The U.S. Senate has rejected its first judicial nominee since Joe Biden took office. On Thursday, Magistrate Judge Sarah Netburn’s nomination to the U.S. District Court bench failed to make it out of the Senate Judiciary Committee.
Netburn’s nomination was opposed by Republican senators who found her decision to place a transgender child rapist in a women’s prison facility, despite warnings against the move by the Bureau of Prisons, to be disqualifying. The transgender convict subsequently exposed his male genitals to numerous women in the facility.
Senator Ted Cruz (R-TX), a vocal opponent of the judge‘s nomination, highlighted the incident along with others where Netburn put female inmates at risk, seemingly in an effort to push a diversity, equity, and inclusion (DEI) agenda in sentencing.
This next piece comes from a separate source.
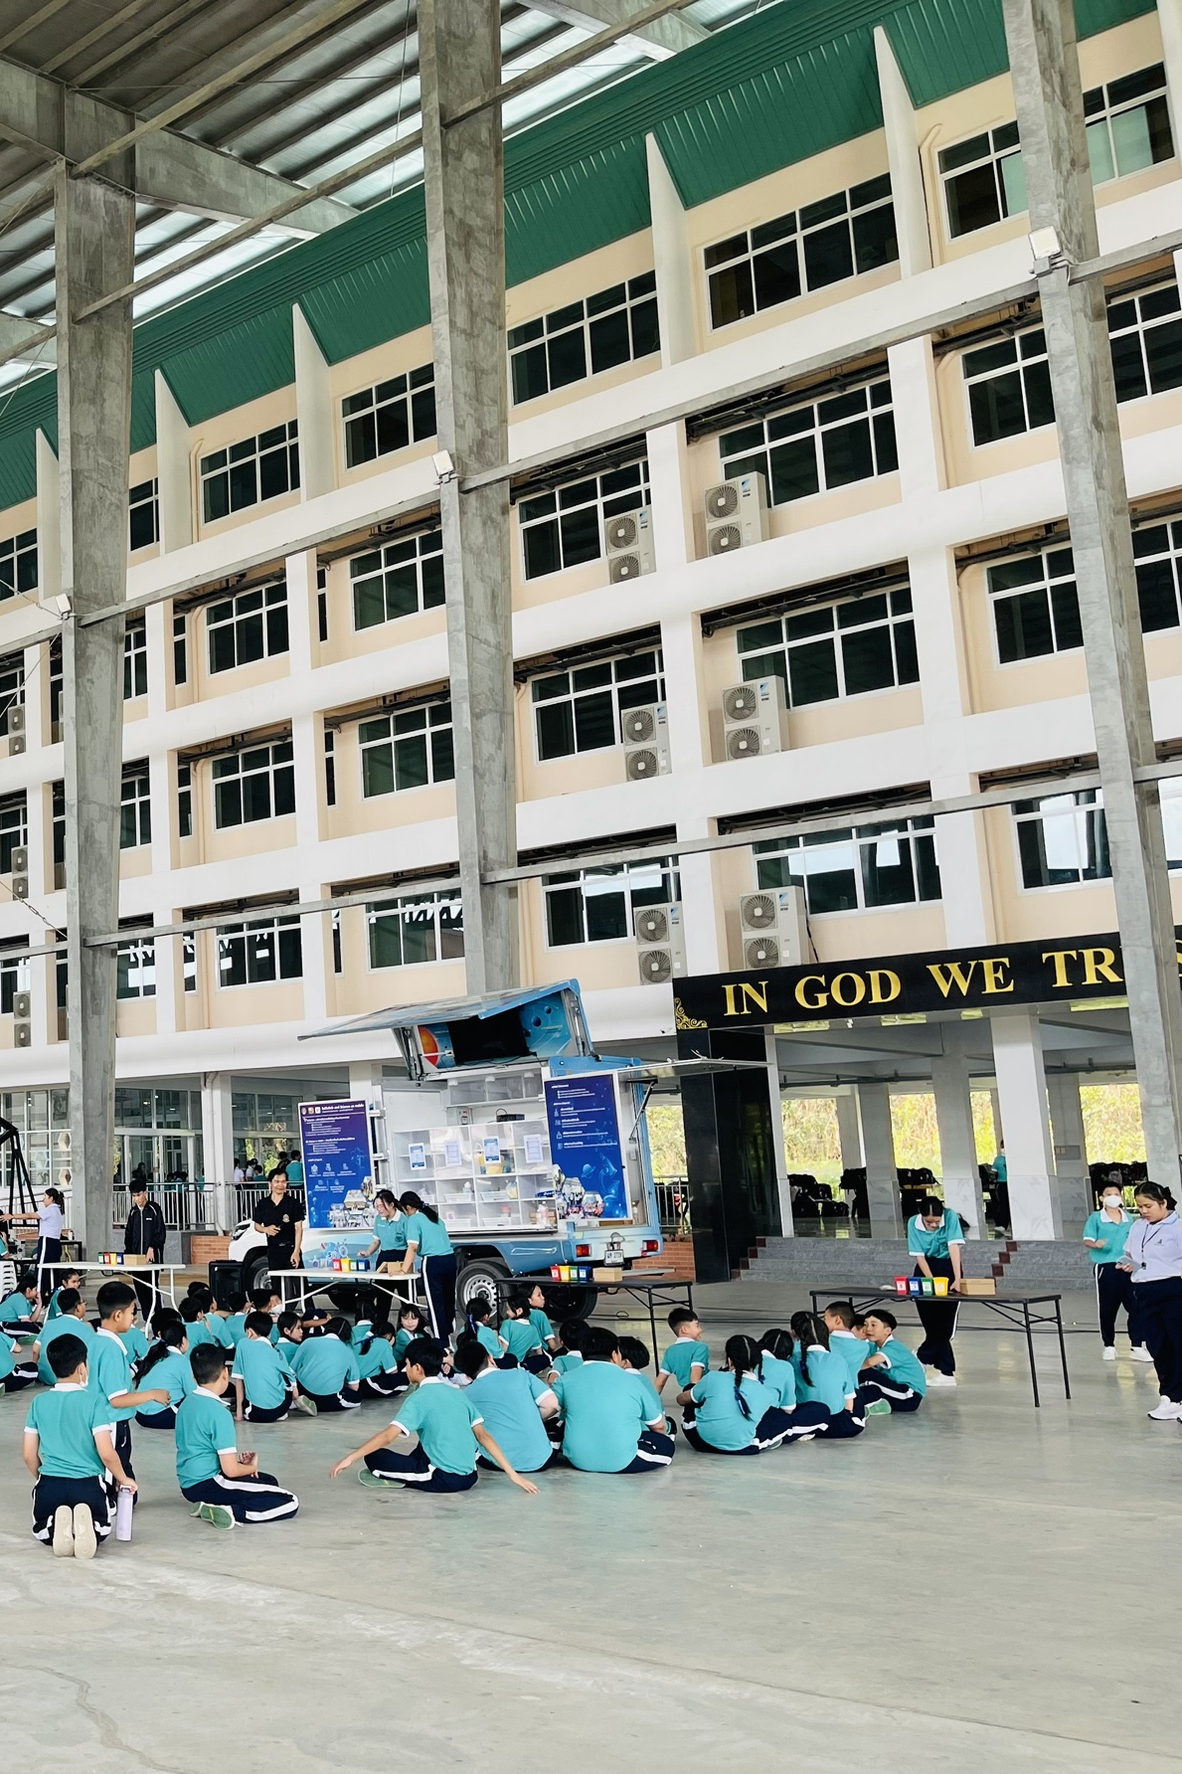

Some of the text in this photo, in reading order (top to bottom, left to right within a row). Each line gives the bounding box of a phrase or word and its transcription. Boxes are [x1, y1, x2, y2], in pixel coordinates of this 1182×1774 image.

“Every one of us, every one of us would be horrified if a loved one found out she was the cellmate of a six-foot-two man who was a serial rapist,” Sen. Cruz said.
Meanwhile, Sen. Jon Ossoff (D-GA) broke with his fellow Democrats on the Senate Judiciary Committee, siding with Republicans in the 10-11 vote to block the advancement of Netburn’s nomination to a lifetime appointment as a federal district court judge.
Transgender inmates in other women’s prisons have sexually assaulted female prisoners and even impregnated them. An inmate at the Edna Mahan Correctional Facility for Women in New Jersey filed a lawsuit last year alleging that guards had refused to take corrective action against a transgender prisoner who had sexually assaulted her.